At the same time, maneuver leaders must also understand the capabilities of joint and interagency partners, and our allies. To seize, retain, and exploit the initiative against a wide array of adaptive and determined enemies, maneuver leaders must effectively employ a potent combination of joint and multi-national assets as part of a combined arms, air-ground team. And just as understanding the strategic and operational context of tactical operations is an important first step in applying the “operational art,” understanding the capabilities, limitations, organizations, and interests of our joint and multi-national partners will be critical to maneuver leaders as they seek to assist friends, reassure and protect populations, and identify, isolate, and defeat enemies.
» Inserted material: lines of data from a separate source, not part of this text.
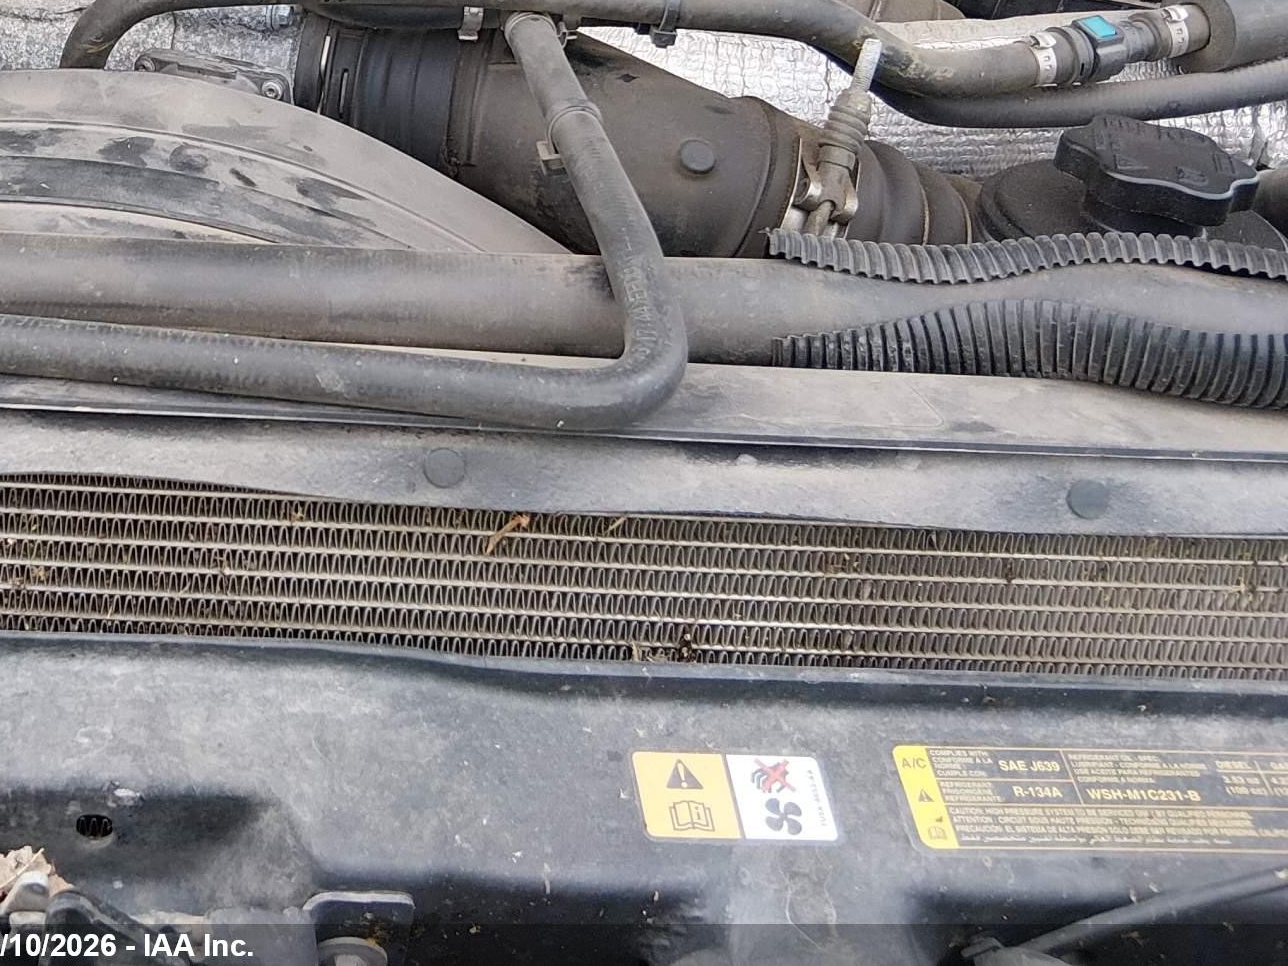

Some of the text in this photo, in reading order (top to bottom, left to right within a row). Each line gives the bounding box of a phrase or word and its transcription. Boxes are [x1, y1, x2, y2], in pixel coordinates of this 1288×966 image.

[900, 756, 927, 770] A/C
[998, 759, 1061, 773] SAE J639
[1012, 786, 1063, 798] R-134A
[1086, 788, 1201, 802] WSH-M1C231-B
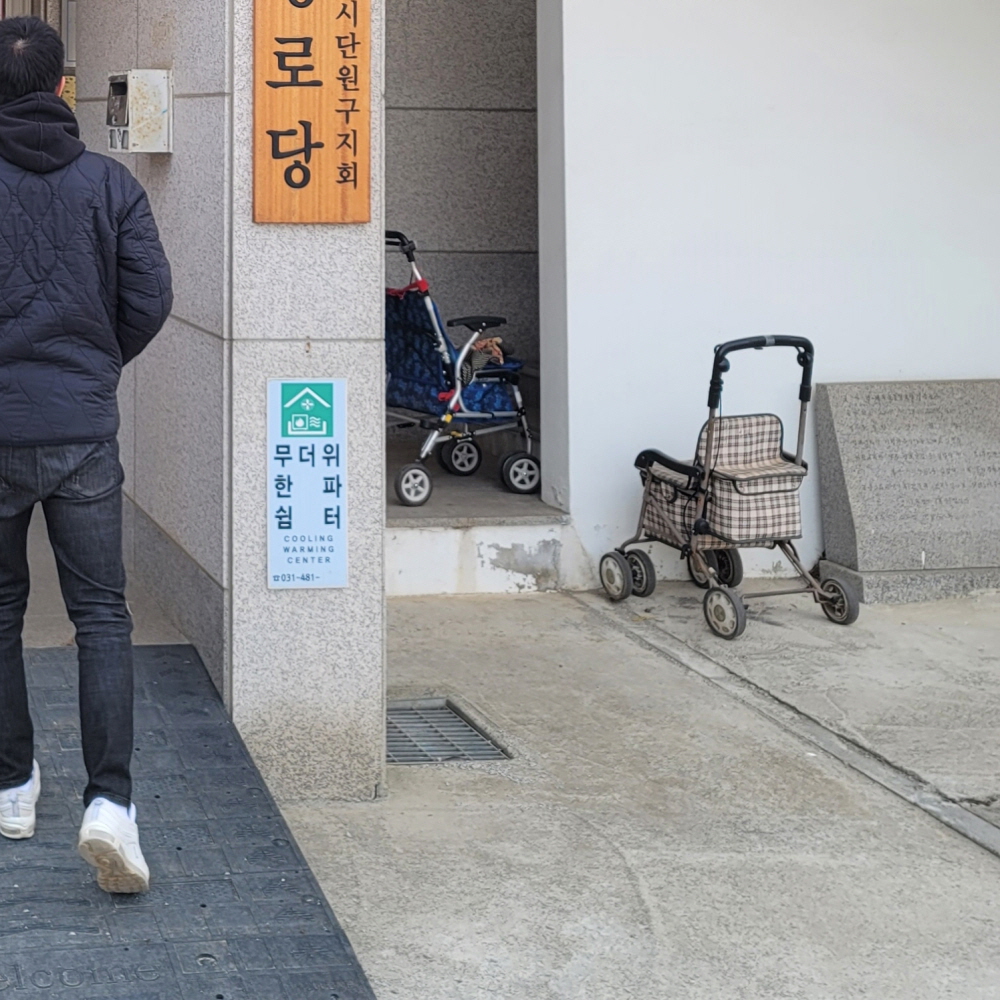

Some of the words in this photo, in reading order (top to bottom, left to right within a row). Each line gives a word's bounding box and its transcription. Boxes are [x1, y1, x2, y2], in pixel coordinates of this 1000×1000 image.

[273, 443, 340, 468] 무더위
[283, 535, 334, 543] COOLING
[283, 545, 335, 553] WARMING
[287, 556, 332, 564] CENTER
Operational Art, Joint Operations, and Multinational OperationsEdit

“In forming the plan of a campaign, it is requisite to foresee everything the enemy may do, and be prepared with the necessary means to counteract it. Plans of the campaign may be modified ad infintium according to the circumstances, the genius of the general, the character of the troops, and the features of the country.” Napoleon “The only thing worse than fighting with allies is fighting without them.” Winston Churchill

In today’s wars and in future armed conflict, maneuver leaders will face a wide array of complex challenges. The continuing proliferation (and even use) of weapons of mass destruction, steadily worsening economic conditions, social disorder throughout the world, an increasing rise in militant extremism (both religious and political), the growth of terrorist activities and operations, and a growing number of technically sophisticated hybrid threats and regionally-focused conventional armies are just a small sample of the potential and real dangers our maneuver forces will face.

As a result, US Army maneuver forces must be capable of defeating conventional forces, well-equipped hybrid surrogates, and indigenous paramilitary forces, insurgents, and terrorists. We must be capable of operating in jungles, mountains, deserts, and cities. Moreover, we must be prepared to operate with our fellow services and in the company of our allies and indigenous forces. And throughout all these complexities, the maneuver leader must have the vision and context to understand how best to array the tactical combat power allocated to him in a manner that will ultimately achieve the national policy aims of the United States. In other words, maneuver leaders must understand how to employ the operational art in the context of joint and multinational operations.

Operational ArtEdit

According to Joint Publication 3-0, Joint Operations, operational art is “the cognitive approach by commanders and staffs—supported by their skill, knowledge, experience, creativity, and judgment—to develop strategies, campaigns, and operations to organize and employ military forces by integrating ends, ways, and means.” In other words, operational art is the employment of military forces to attain strategic goals through the design, organization, and conduct of campaigns and major operations. If strategy attempts to align military, diplomatic, informational, and economic resources to meet national policy goals and tactics attempts to employ small units (squad to Brigade) on the battlefield, then operational art is the means through which commanders connect tactical combat power to the achievement of national policy objectives.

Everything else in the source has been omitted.